Alors comme un petit rappel en guise de remerciement, un retour sur les racines...
Son prochain album est une collaboration avec M, le dernier des Chedid.
Ironie de l'histoire, le fils de Louis est aussi le petit fils d'Andrée Chedid, poête d'origine égyptienne qui vient de nos quitter et auteur du morceau M. Entre une Egypte révoltée ayant rendez-vous place Tahrir avec son histoire démocratique et une histoire d'intégration égyptienne dans une france au vernis démocratique si fragile , il y a comme un clin d'oeil, comme une intérogation esthétique et politique ou tout simplement une connerie, une bêtise que chacun porte en lui d'une manière au d'ne autre...
Comme le fait un des blogueurs de la communauté Médiapart, ces soi-disant "fachistes allucinés", ça peut valoir le coup de rappeler une phrase de Michel Audiard, père d'un des plus grands cinéastes Français du moment: "Deux intellectuels assis iront toujours moins loin qu'un con qui marche". A méditer... En tous les cas, deux histoires artistiques ayant un goût de POPULAIRE... SANS POPULISME...
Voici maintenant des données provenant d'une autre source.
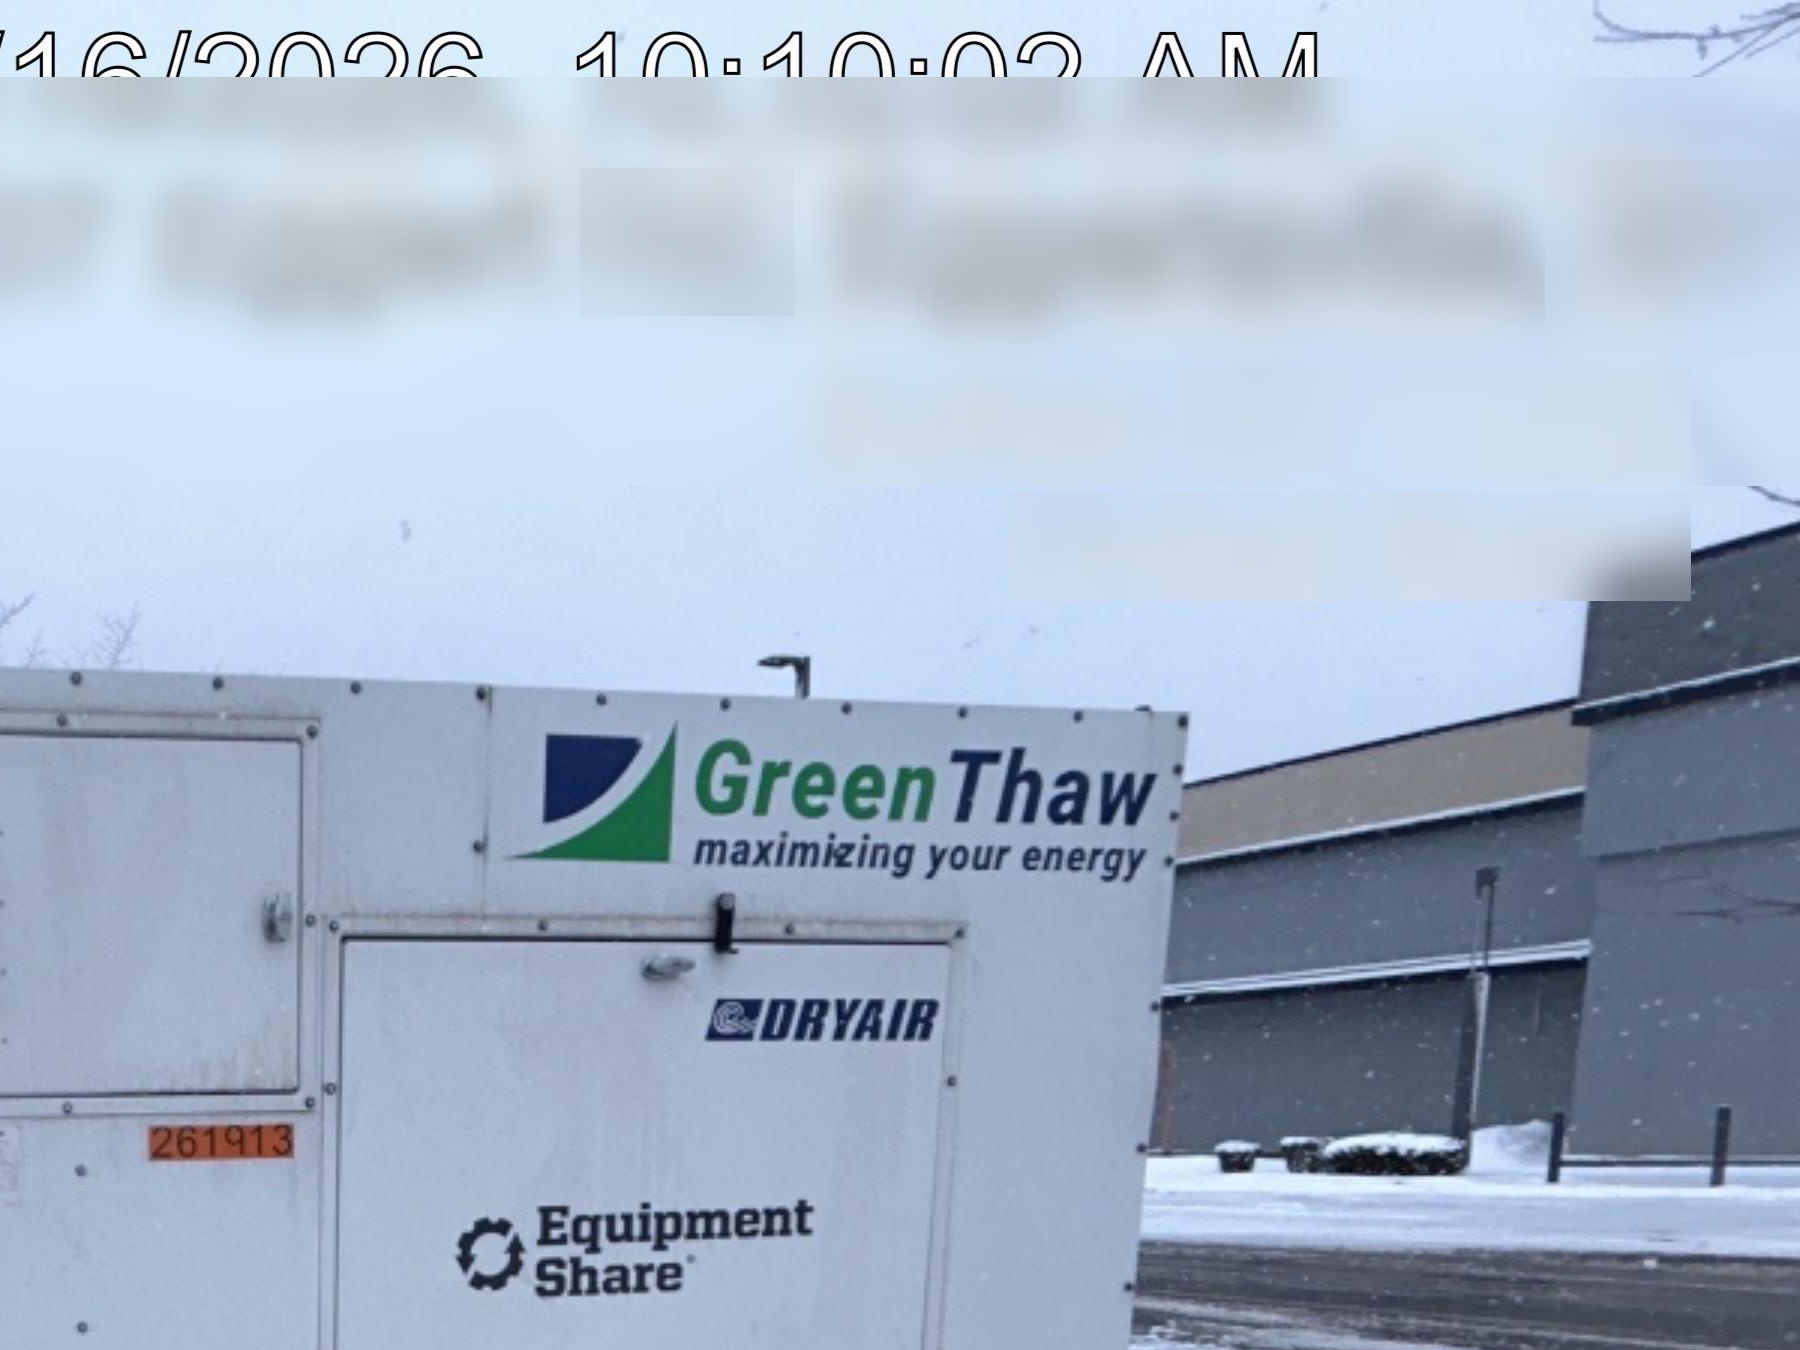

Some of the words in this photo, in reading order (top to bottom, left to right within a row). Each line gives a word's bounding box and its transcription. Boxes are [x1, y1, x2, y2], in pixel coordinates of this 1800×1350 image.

[693, 830, 916, 880] maximizing
[924, 844, 1012, 880] your
[1021, 845, 1148, 883] energy
[759, 997, 940, 1042] DRYAIR
[151, 1124, 293, 1159] 261913
[536, 1199, 814, 1255] Equipment
[535, 1256, 683, 1298] Share
Pour clore ce petit chapitre d'une histoire de "philiation" artistique, de cette esthtique familiale, je me permets de vous rappeler un article ancien de ce blog qui parlait de cette petite histoire rock'n'roll d'une jeunesse qui tentait l'intégration de la révolte par la création musicale. A cette époque, nous avions un certain Jean Royer, Maire de Tours, qui faisait la leçon à cette jeunesse dépravée de 1970. Et bien lui aussi vient de mourir, comme un autre clin doeil de l'histoire... Mais ce clin d'oeil vaut le détour car ce monsieur Royer, à 82 ans, rallia Chevénnement à la campagne des présidentielles de 2002. La boucle historique, esthétique et politique est bouclée...
Alors pour terminer, un petit morceau du coup de coeur du moment à la suite du "j'suis communiste, à c'qu'y paraît "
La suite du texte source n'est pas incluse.